ReleaseEngineering/How To/Process release email

This is a list of automatically generated emails you should expect to receive as a release engineer at mozilla. It is not complete

Subject Index

Zimbra glob/wildcard syntax, in alpha order

Field Wildcard Further Notes
Subject idle kittens report #briar-patch idle kittens reporting
Subject Humpty Dumpty Error * #Puppet failing too many times on a slave
Subject [puppet-monitoring]* #Puppet Log Monitoring
Subject Talos Suspected machine issue * if you don't know, you don't care
Subject Try submission * to: autolanduser@mozilla.com

briar-patch idle kittens reporting

Why we get them

Email report outlining the status of any host that has been flagged as "idle"

What is sending them

A cron job that is running the kittenreaper.py task with the following parameters

 python kittenreaper.py -w 1 -e

It pulls the list of hosts to check from http://build.mozilla.org/builds/slaves_needing_reboot.txt

What to do when one is recieved

not sure yet, unless your buildduty - then you should be watching it

Future plans

This will be replaced by the briar-patch dashboard

How to best filter these emails

Filtering can be done by matching the subject line which will not change


Puppet Log Monitoring

Why we get them

There are messages in the puppet master logs that indicate something is wrong with a slave or master.

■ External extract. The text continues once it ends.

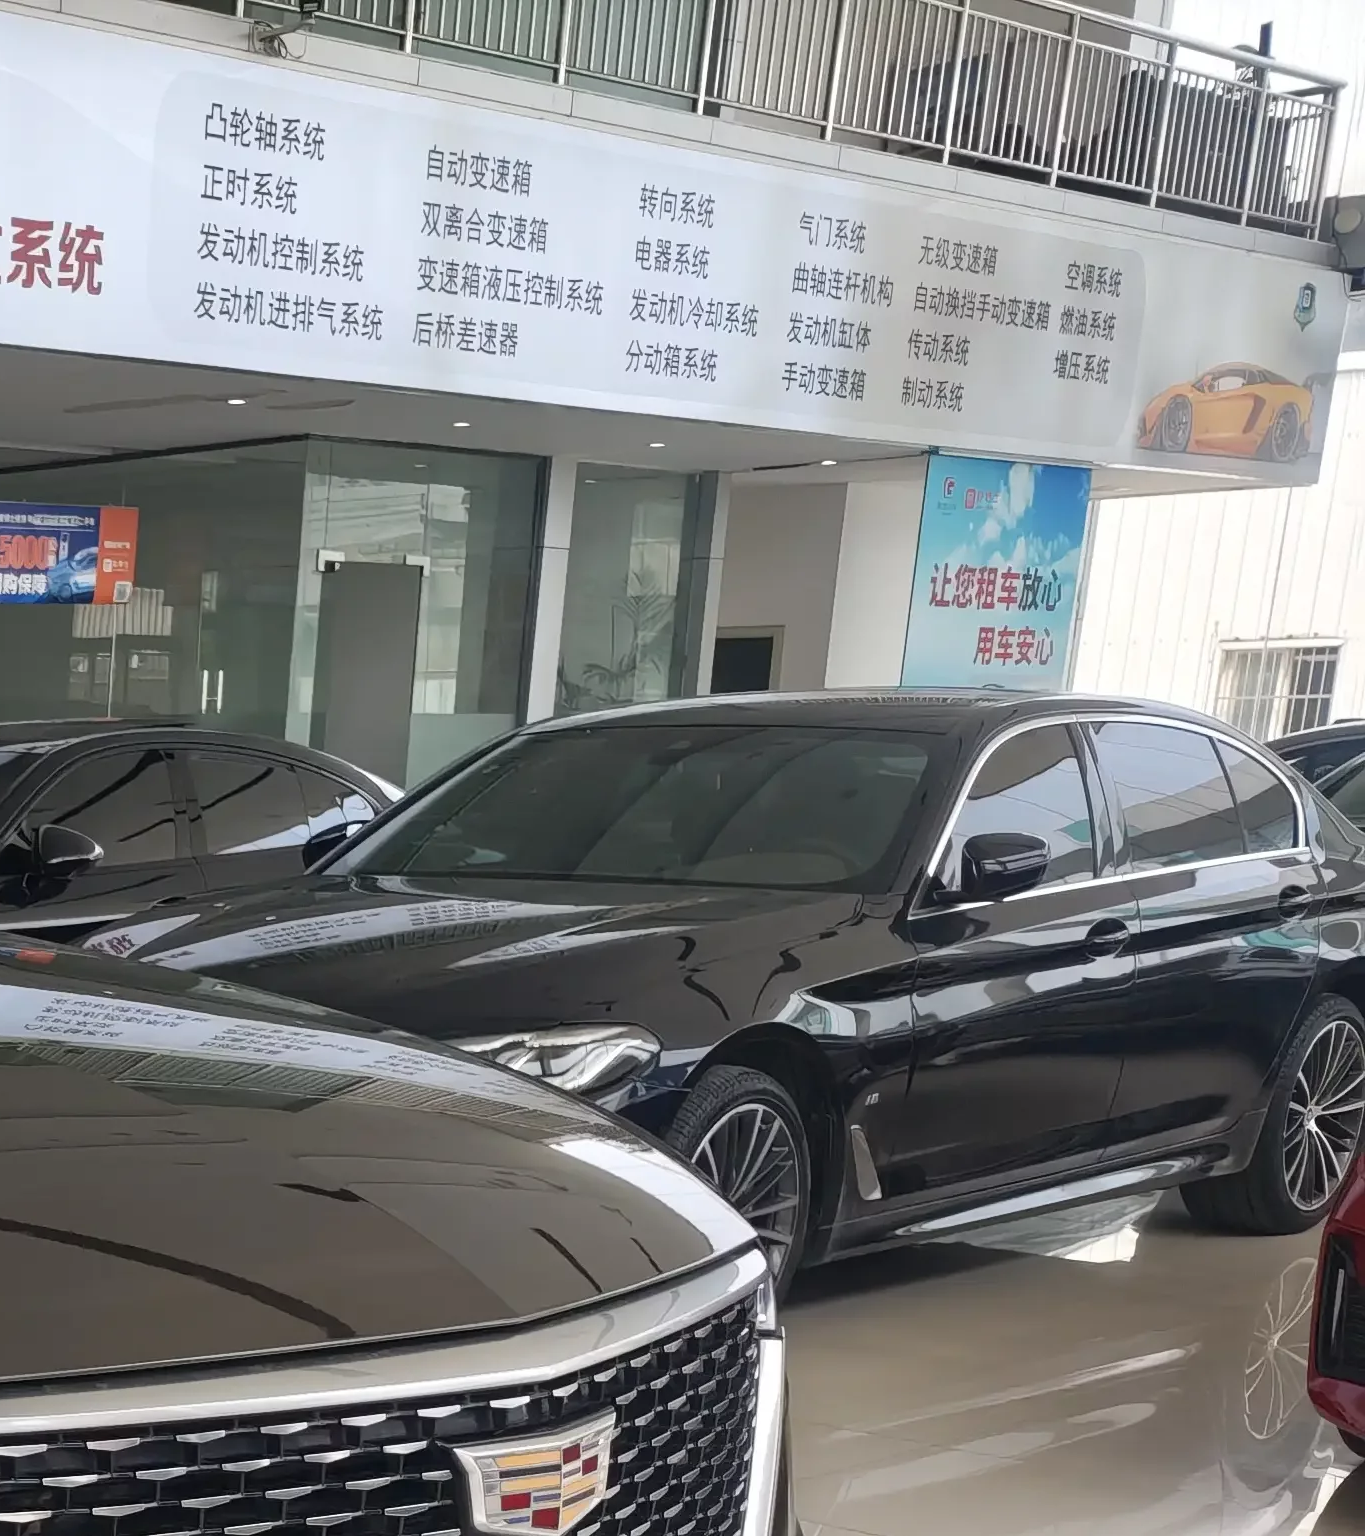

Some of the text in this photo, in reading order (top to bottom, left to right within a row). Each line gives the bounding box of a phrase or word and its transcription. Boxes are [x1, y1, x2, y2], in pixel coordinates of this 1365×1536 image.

Since we have no other master monitoring tools, we are defaulting to sending email.

What is sending them

scl-production-puppet and soon all puppet masters have an instance of 'watch-puppet.py' running under screen as root.

The code for this script is stored here

What to do when one is recieved

  • if the title contains "[puppet-monitoring][master_name] <slavename> is waiting to be signed", this is for information and requires no immediate action
  • if the title contains "[puppet-monitoring][master_name] <slavename> has invalid cert", the script will try once to clean the cert before sending the email once there is a waiting signing request. If this is successful, you'll see a matching "<slavename> is waiting to be signed" email. The key will be automatically signed by a cronjob

How to silence or acknowledge this alert

It is not currently possible to silence this email. This script will send email each time the corresponding line pattern is seen in /var/log/messages. This means that most likely, each time a slave tries to puppet, an email will be sent.

Future plans

In the short term, we'd like to have this script monitor the puppet logs for more error conditions. It would also make sense to monitor all puppet masters

How to best filter these emails

  • subject includes [puppet-monitoring]

Puppet failing too many times on a slave

Why we get them

We have no other monitoring for slaves failing to run puppet successfully. This became a large issue with the rev4 talos machines due to bug 700672. We are now doing an exponential back off on these slaves with a set number of iterations. Once the maximum number of iterations is reached, the slave will send this email then reboot. This helps us avoid puppet master load as well as allowing the machines try to fix themselves by rebooting.

What is sending them

Each machine that has these emails enabled will send the email itself when it fails to puppet the last time, and right before it reboots.

The code that sends them is unversioned, but is deployed to the slaves from

scl-production-puppet:/N/production/darwin10-i386/test/usr/local/bin/run-puppet.sh 

What to do when one is recieved

  • either ignore the email or find the root of the problem and fix it.

How to silence or acknowledge this alert

This email is a temporary workaround until we get a real puppet client monitoring tool. This email we be sent each time the maximum number of retires is reached, which is every couple hours.

Future plans

Would really like to replace these emails with real puppet monitoring.

How to best filter these emails

These emails are best filtered by having "Humpty Dumpty Error" in their subject. Becuase the hostname on the slave might not be correct every/all the time, filtering on domain names might not catch all cases.


Sample

Why we get them

Give a brief explanation of why this email is for, what it helps us do and why it should be watched

What is sending them

Include a link to the source of the program sending the email. Include information on which hosts are sending the email, and give information on how program runs. Is it a daemon? Does it have an init script? Do you run it under screen?

What to do when one is recieved

  • if the title contains "[scl-production-puppet-new] <slavename> is waiting to be signed", this is for information and requires no immediate action
  • if the title contains "[scl-production-puppet-new] <slavename> has invalid cert", the script will try once to clean the cert before sending the email. If this is successful, you'll see a matching "<slavename> is waiting to be signed" email. The key will be automatically signed

How to silence or acknowledge this alert

Include information on how to make the emails stop

Future plans

provide any future plans for this email. Is it temporary? Is it going to be replaced by a real dashboard? Are you going to add/change things people filter on?

How to best filter these emails

provide insight on how to filter these emails. Is there a distinguishing header? Is it always from a specifc host, or family of hosts? Is there a distinctive subject?